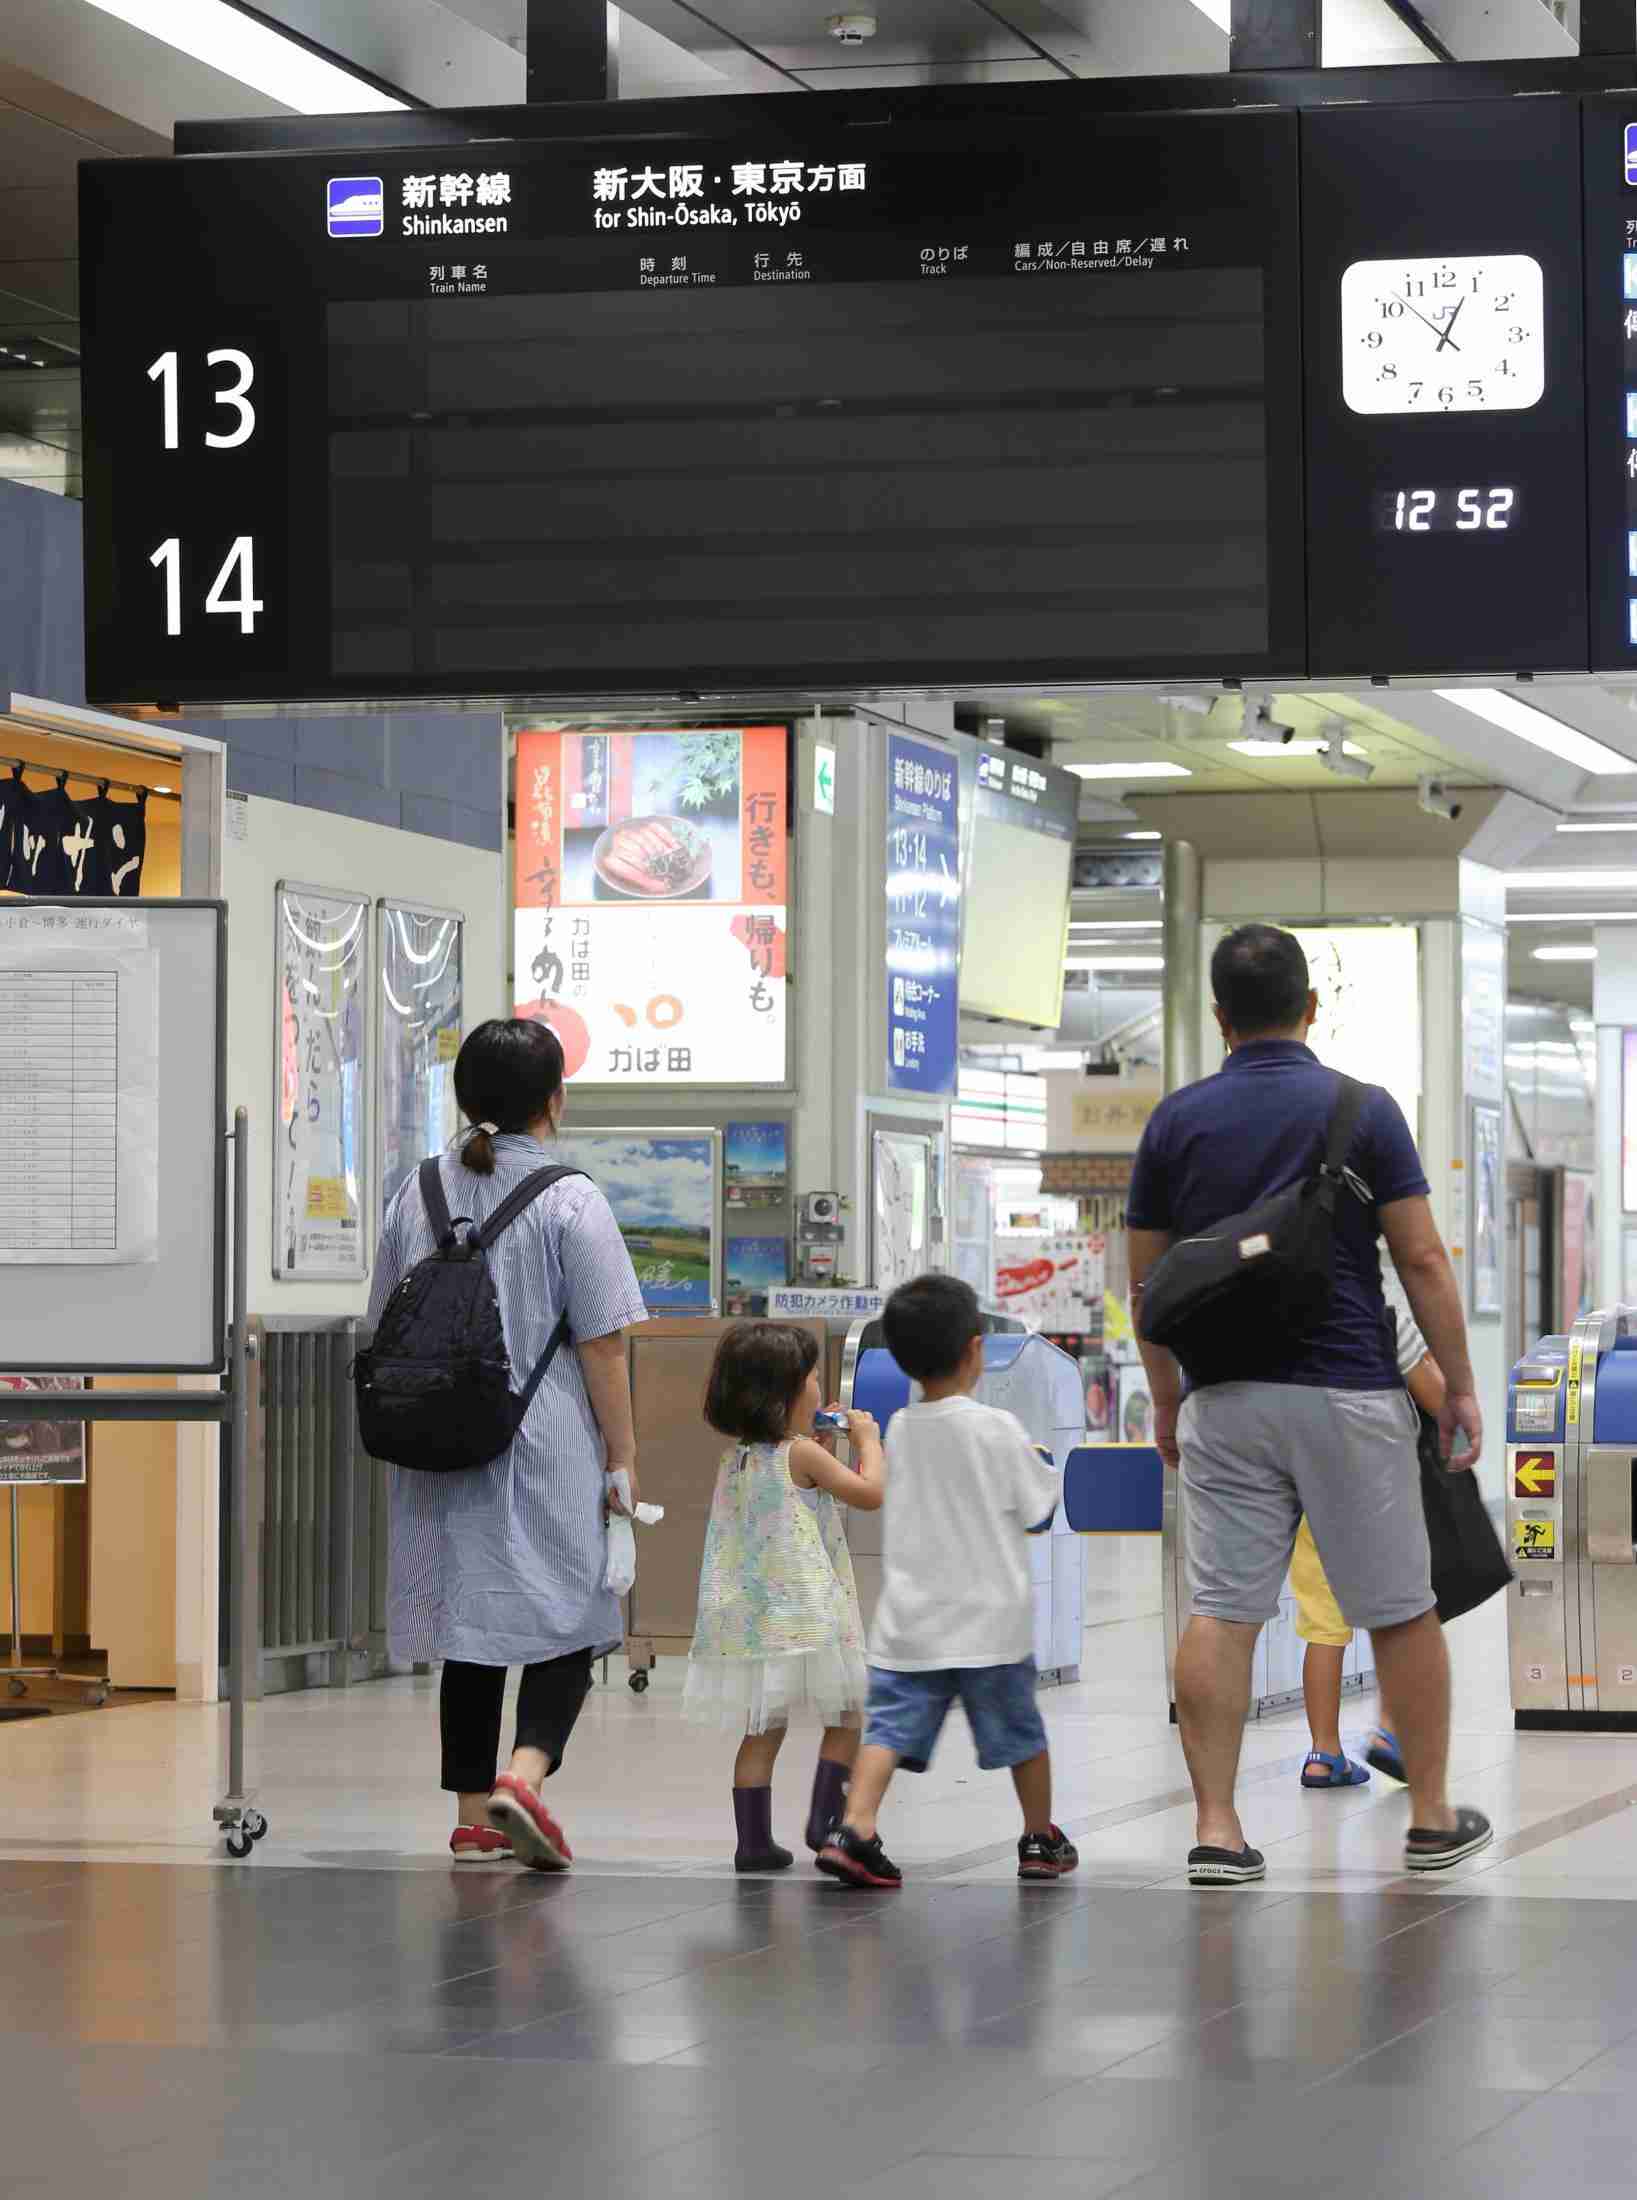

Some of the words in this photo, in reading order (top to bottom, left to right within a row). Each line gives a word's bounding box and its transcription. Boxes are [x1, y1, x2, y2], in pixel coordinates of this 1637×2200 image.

[592, 160, 867, 202] 新大阪・東京方面
[402, 172, 512, 208] 新幹線
[402, 212, 508, 236] Shinkansen
[594, 207, 622, 229] for
[627, 203, 738, 228] Shin-Ōsaka,
[744, 202, 801, 226] Tōkyō
[755, 251, 803, 269] 行先
[920, 245, 969, 261] のりば
[430, 264, 488, 281] 列車名
[640, 256, 687, 273] 時刻
[921, 263, 947, 275] Track
[640, 274, 689, 289] Departure
[692, 273, 716, 284] Time
[754, 268, 811, 281] Destination
[1432, 271, 1457, 288] 12
[430, 283, 455, 294] Train
[458, 282, 487, 293] Name
[1406, 280, 1424, 297] 11
[1471, 276, 1479, 293] 1
[1381, 301, 1404, 319] 10
[1494, 295, 1510, 312] 2
[1367, 331, 1383, 349] 9
[1508, 326, 1524, 344] 3
[1381, 362, 1397, 380] 8
[1494, 358, 1511, 375] 4
[1408, 381, 1423, 398] 7
[1437, 386, 1454, 403] 6
[1468, 379, 1483, 397] 5
[147, 348, 256, 449] 13
[1394, 490, 1436, 531] 12
[1455, 488, 1514, 530] 52
[149, 535, 264, 636] 14
[895, 758, 952, 801] 新幹線のりば
[1530, 1667, 1541, 1680] 3
[1622, 1668, 1633, 1681] 2
☆ ☆ ☆ ☆ ☆
Directions for this task: Please print the records above word for word, leaving every image out.

Response area:
Some of the words in this photo, in reading order (top to bottom, left to right within a row). Each line gives a word's bounding box and its transcription. Boxes are [x1, y1, x2, y2], in pixel coordinates of this 1637×2200 image.

[592, 160, 867, 202] 新大阪・東京方面
[402, 172, 512, 208] 新幹線
[402, 212, 508, 236] Shinkansen
[594, 207, 622, 229] for
[627, 203, 738, 228] Shin-Ōsaka,
[744, 202, 801, 226] Tōkyō
[755, 251, 803, 269] 行先
[920, 245, 969, 261] のりば
[430, 264, 488, 281] 列車名
[640, 256, 687, 273] 時刻
[921, 263, 947, 275] Track
[640, 274, 689, 289] Departure
[692, 273, 716, 284] Time
[754, 268, 811, 281] Destination
[1432, 271, 1457, 288] 12
[430, 283, 455, 294] Train
[458, 282, 487, 293] Name
[1406, 280, 1424, 297] 11
[1471, 276, 1479, 293] 1
[1381, 301, 1404, 319] 10
[1494, 295, 1510, 312] 2
[1367, 331, 1383, 349] 9
[1508, 326, 1524, 344] 3
[1381, 362, 1397, 380] 8
[1494, 358, 1511, 375] 4
[1408, 381, 1423, 398] 7
[1437, 386, 1454, 403] 6
[1468, 379, 1483, 397] 5
[147, 348, 256, 449] 13
[1394, 490, 1436, 531] 12
[1455, 488, 1514, 530] 52
[149, 535, 264, 636] 14
[895, 758, 952, 801] 新幹線のりば
[1530, 1667, 1541, 1680] 3
[1622, 1668, 1633, 1681] 2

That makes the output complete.